Yahoo! Shuts Out Branded Keywords Bob Heyman

It's no surprise that one of the major search engines has ended the practice of selling trademarked brand keywords to competitors. But it is a surprise that the motivation comes not from legal setbacks but from business pressures.

Yahoo (nee Overture) has long been more restrictive than Google in allowing this type of advertising. To buy a competitor's brand keywords you had to pass human review by Yahoo editors looking to be sure that there was relevant page content on your landing page to justify the use of the keyword.

In practice this meant that you had to have a feature comparison or some other type of comparative content in order to pass muster. Yahoo would also disapprove your competitive comparison if it was false or misleading. Of course this was something that could become quite subjective and contentious.

Google, on the other hand, sells competitive trademarked keywords without such a "comparative" standard or any review process, other than to require that the competitive mark is not used in the actual ad copy.

Generally, it is up to the advertiser and its agency to police compliance. Google's legal department is relatively quick to act on violations that are brought to its attention. Therefore, good SEM service needs to include monitoring the client's trademarked keywords to detect and report competitors who are breaking Google's rules. This can include not just use of marks within ads but also incorporating the mark into a URL. On behalf of Napster, we were able to have Google shut down a competitor who was using the URL "www.better-than-Napster.com".

Google's practice has been the subject of much litigation here and abroad. In the recent Geico vs. Google case, Google's right to sell such keywords in the U.S. was affirmed. However, in France, a court ruled against Google in a lawsuit brought by Louis Vuitton. As a result, Google will not sell competitive trademarked keywords in Europe. But wherever the practice is allowed, it has proved to be one of the most effective SEM techniques. 

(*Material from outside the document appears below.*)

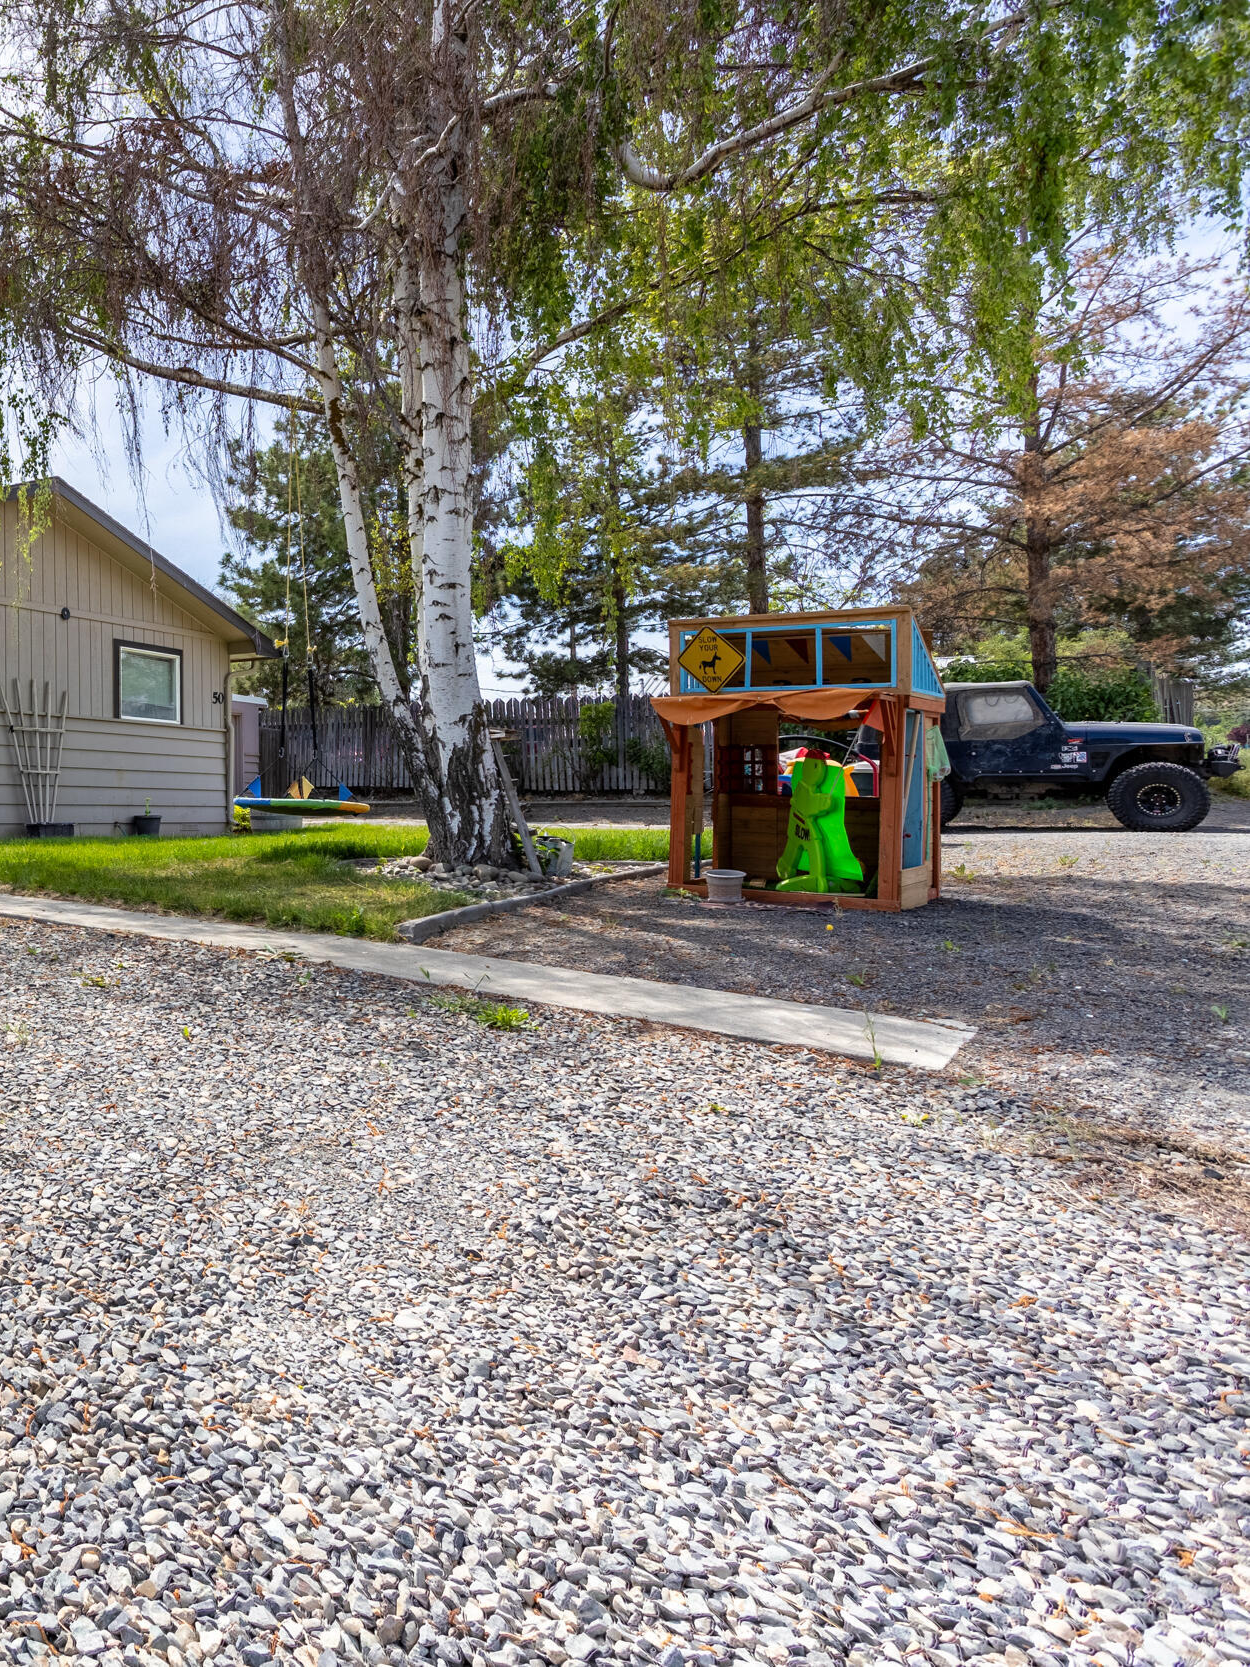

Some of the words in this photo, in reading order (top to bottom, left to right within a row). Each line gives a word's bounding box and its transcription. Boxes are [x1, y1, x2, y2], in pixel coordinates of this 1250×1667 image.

[698, 636, 717, 644] SLOW
[699, 644, 718, 652] YOUR
[702, 675, 722, 683] DOWN

In the Geico case, the court's reasoning was that competitive keyword ads were analogous to a merchant who buys a billboard across the street from a competitor. Suppose you are heading to the Ford dealership to buy a pickup.
If you see a billboard on the way for a Chevy pickup, then GM might intercept your purchase "intent" and entice you to the Chevy dealer. Of course others, particularly plaintiff's attorneys, see the search engine equivalent less as valid comparative advertising and more as blatant trademark infringement. Such is the argument being raised in several other pending lawsuits against Google.

It's against this background that Yahoo shook up many of its search advertisers by sending out a notice that read:

"In order to more easily deliver quality user experiences when users search on terms that are trademarks, Yahoo! Search Marketing has determined that we will no longer allow bidding on keywords containing competitor trademarks."

The new policy is effective March 1 and effectively ends the practice of trademark keyword bidding on Yahoo. The only exceptions to the new rule are for resellers, who must actually sell or facilitate the sale of the trademarked good or service and for truly informational sites where substantial information about the trademarked good or service must be provided and competitive products cannot be promoted or sold.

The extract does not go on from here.